Constraints of Collective Consciousness
Margaret Mead famously said, “Never doubt that a small group of thoughtful, committed citizens can change the world; indeed, it’s the only thing that ever has.” And ever since, this has been the rallying cry of every small group of thoughtful, committed citizens united in their effort to change the world. But there area few things Margaret forgot to mention.
- There are a lot of thoughtless, aimless citizens who are keen to keep the world just the way it is.
- Some of them have a lot of power; others have a lot of money.
- They can unite in common cause too.
- Unity sometimes demands the suspension of skepticism for the sake of consensus.
Of these, the last one worries me most. For instance:
The diverse category of “Progressives” is mostly united in their convictions about civil rights, democracy, justice and decency, although they may differ in their understandings of each of these topics. They are also mostly united in the opinion that anthropic global climate change (AGCC) is largely due to humans’ carbon dioxide emissions from burning fossil fuels for energy.
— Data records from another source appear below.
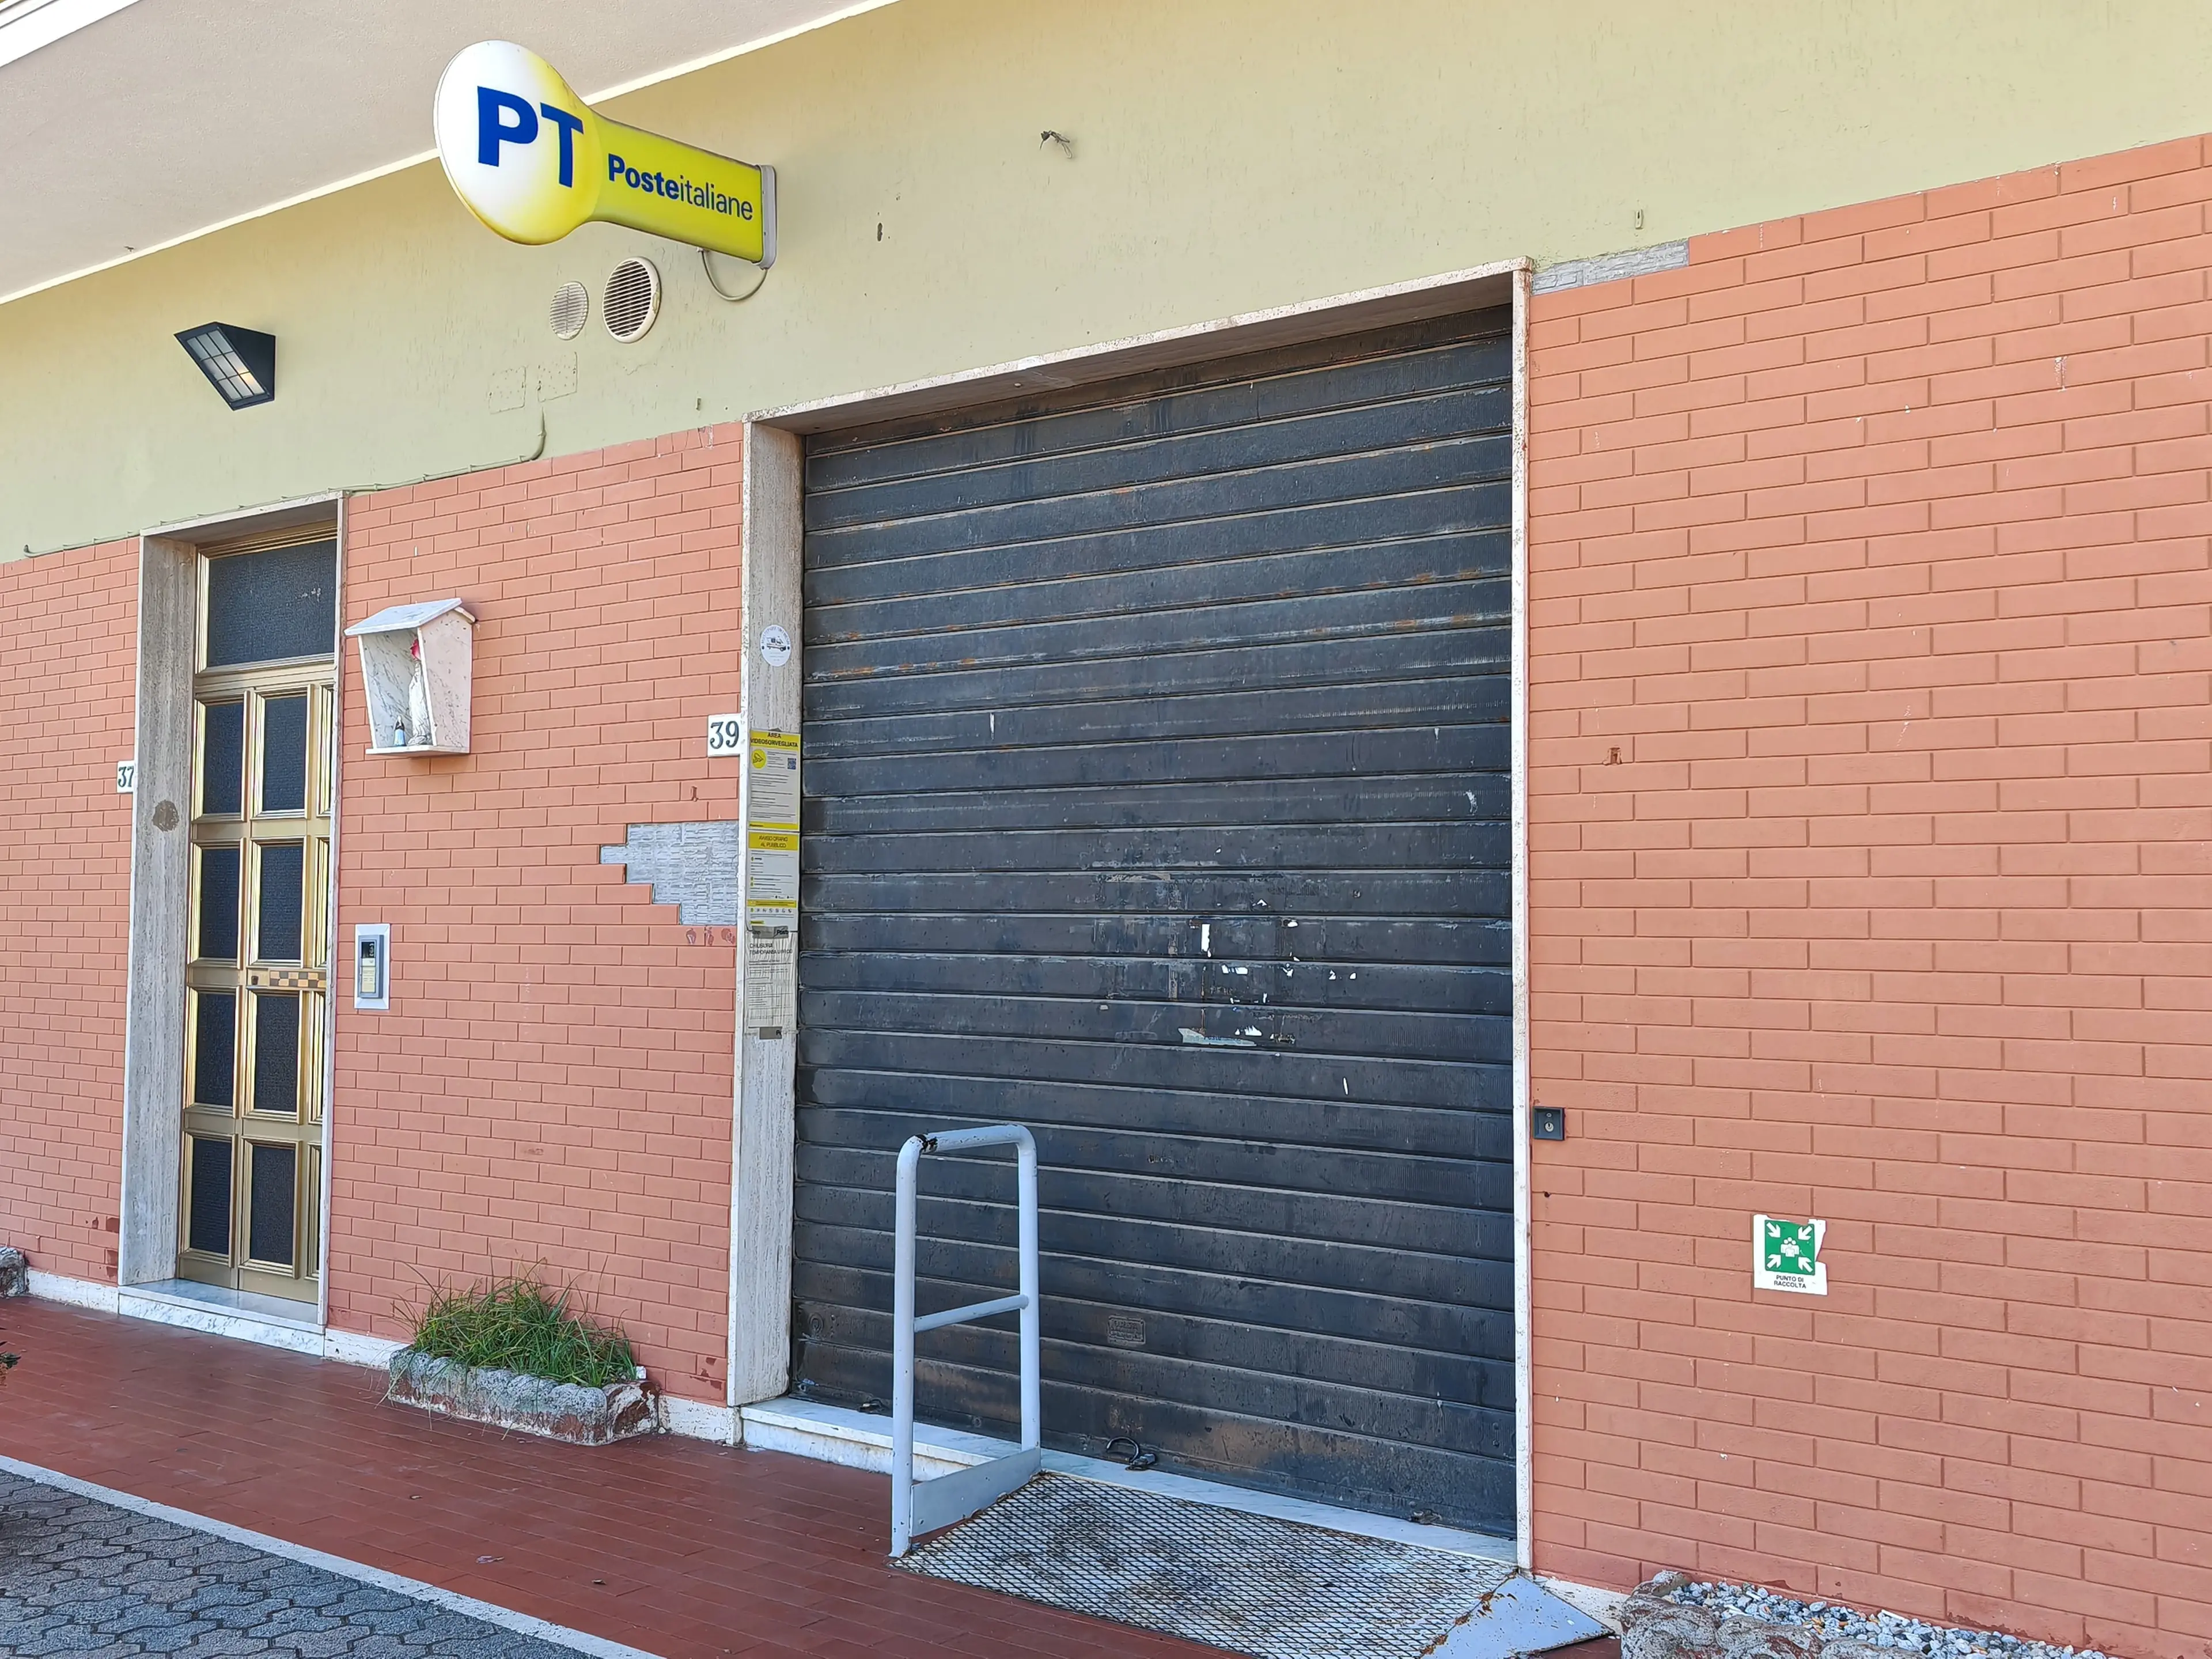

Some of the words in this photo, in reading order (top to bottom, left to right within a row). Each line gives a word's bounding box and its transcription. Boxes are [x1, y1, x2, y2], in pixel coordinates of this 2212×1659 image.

[477, 85, 584, 189] PT
[710, 720, 740, 749] 39
[750, 737, 798, 748] VIDEOSORVEGLIATA
[118, 765, 134, 787] 37
[1774, 1280, 1806, 1289] RACCOLTA
As a consequence of the latter, they are mostly enthusiastic about the replacement of fossil fuels with “renewable” energy sources like solar panels and windmills — so much so that they are happy to ignore the relative puniness of such sources, their intermittent availability and the long-term costs of their maintenance and replacement. Anyone who raises these issues is immediately suspected of working for the fossil fuel industry and is apt to be summarily disowned by Progressives everywhere, who must maintain consensus if they are going to change the world.
Another opinion every good Progressive is required to hold is that even a tiny amount of radioactive material is certain to cause countless horrible deaths, and therefore no nuclear fission power plants (NPP) should ever be allowed to replace the fossil fuel power plants (FFPP). Unfortunately, this opinion is utter nonsense.
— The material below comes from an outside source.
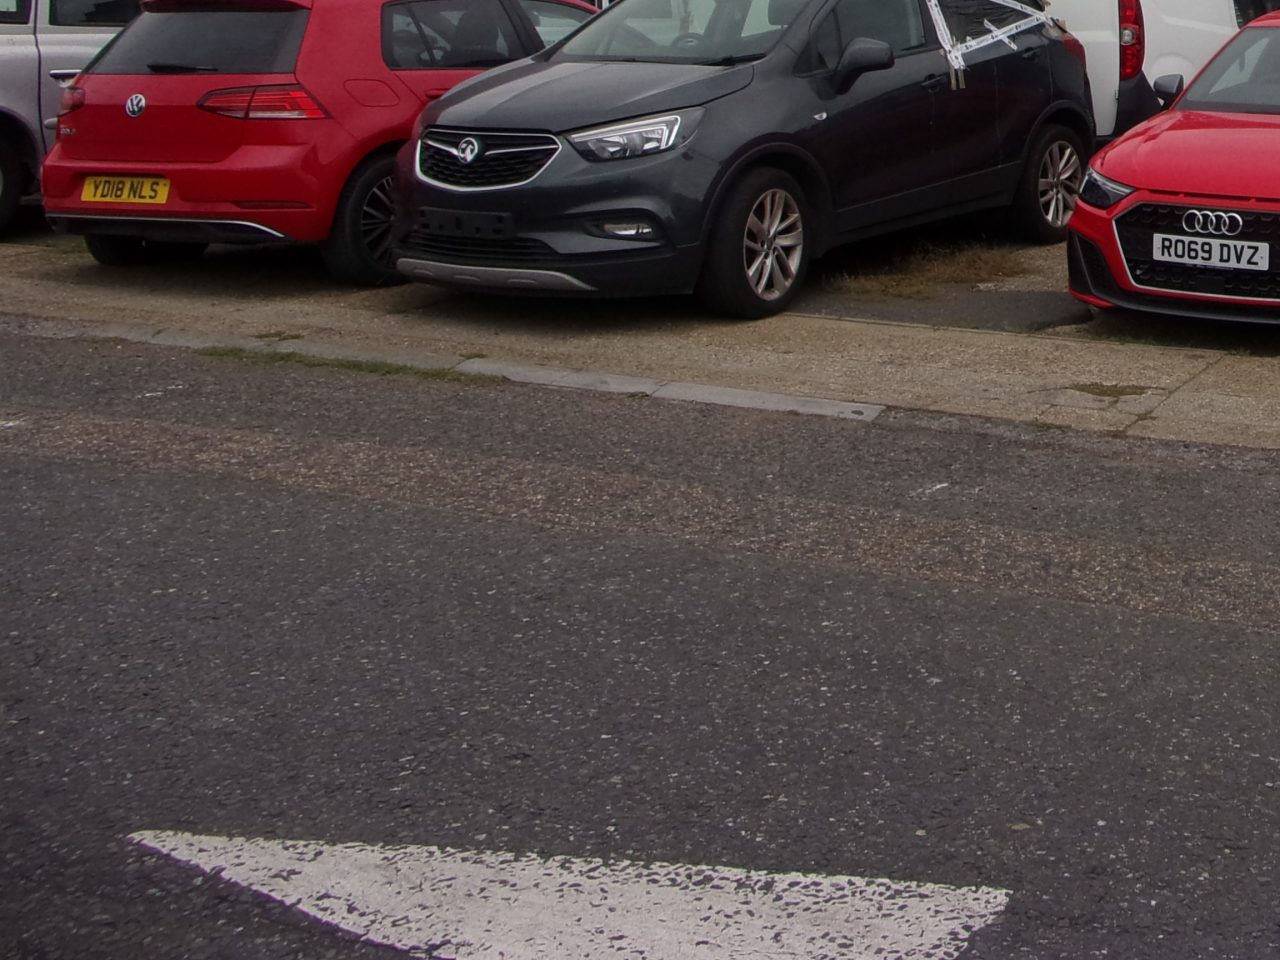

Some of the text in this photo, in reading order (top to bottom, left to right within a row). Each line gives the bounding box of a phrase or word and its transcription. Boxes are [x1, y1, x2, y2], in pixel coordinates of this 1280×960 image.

“Aha!” you say, “another lobbyist for the nuclear power industry!” Nope. I just pay attention to the science and the data. Radiation is, as the Earth is described in the Hitchhiker’s Guide to the Galaxy, “mostly harmless.” We are all exposed to it constantly, from our own bones if nothing else, and whatever damage it does to our DNA is usually healed within minutes by the repair mechanisms we had to evolve in order to stay alive with an oxygen metabolism in the first place. People who live in places like the Ramsar province of Iran or the Kerala Coast in India have been shown to suffer less from cancer and other radiation-associated diseases than the population at large. (Don’t believe me; look it up!)
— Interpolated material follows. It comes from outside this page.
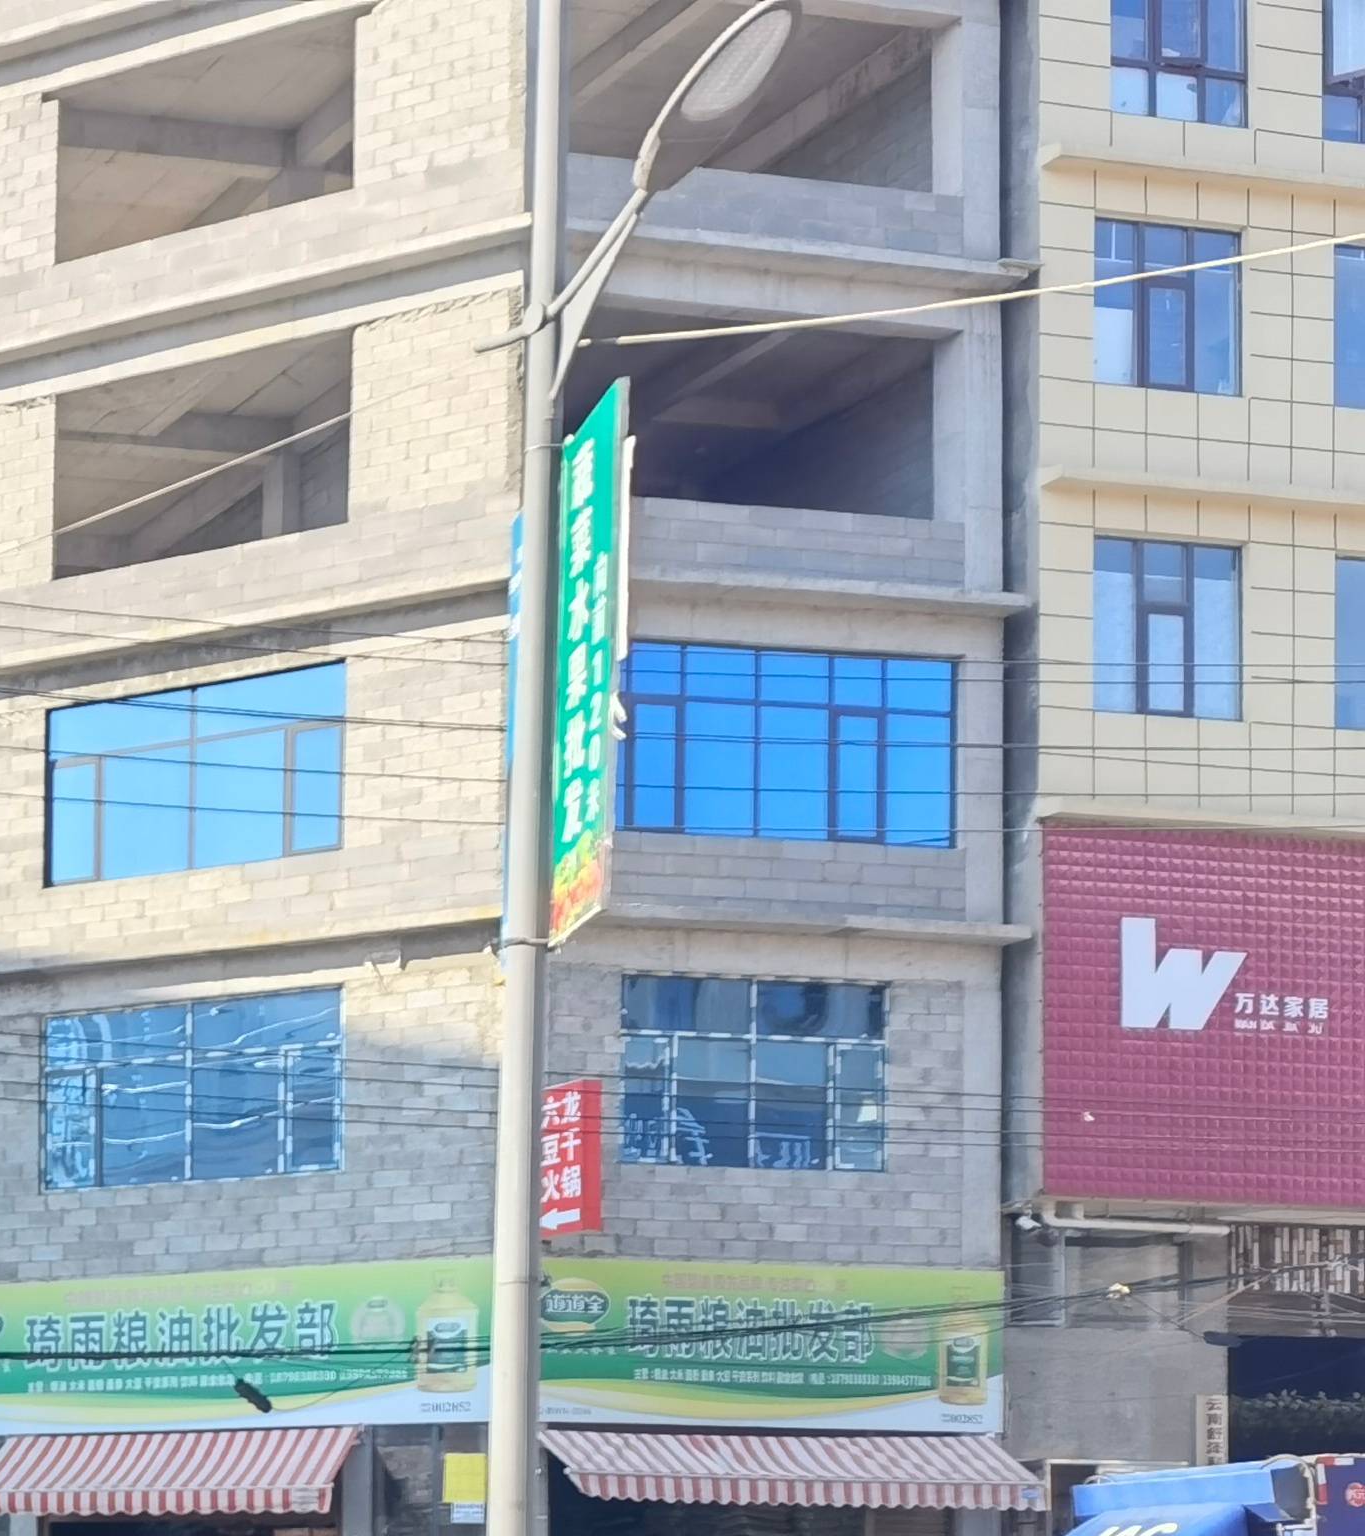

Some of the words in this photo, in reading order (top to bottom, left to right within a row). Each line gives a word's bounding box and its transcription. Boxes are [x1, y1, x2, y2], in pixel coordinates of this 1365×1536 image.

[1234, 993, 1329, 1019] 万达家居
[24, 1298, 338, 1373] 琦雨粮油批发部
But in the last quarter of the 20th Century it became a mandatory conviction of any good Progressive that anything with the word “nuclear” in it was the work of Satan. Considering the psychological trauma of the Cold War years, this attitude was understandable — if indefensible, since it conflated nuclear power with nuclear weapons. The actual relationship between those two things is complex, like the actual biological effects of radiation; so it was simpler to just attack anything with the N-word in it. This was so successful that regulatory agencies like the NRC and the IAEA adopted ludicrous policies like Linear, No Threshold (LNT) model of radiation risk and the concomitant ALARA (As Low As Reasonably Achievable) criterion for radioactivity releases from a reactor, which has since been used to make NPP too expensive and difficult to build, even though they were cheap and reliable in the 1970s and we have since learned how to make them much better for less.
So today I face expulsion from my own natural alliance — Progressives — for espousing the one course of action — nuclear power — that could save civilization from AGCC without just turning off the electrical power needed to keep us alive and facilitate restoration of Nature. But I won’t say things that are patently false just to retain my Progressive credentials.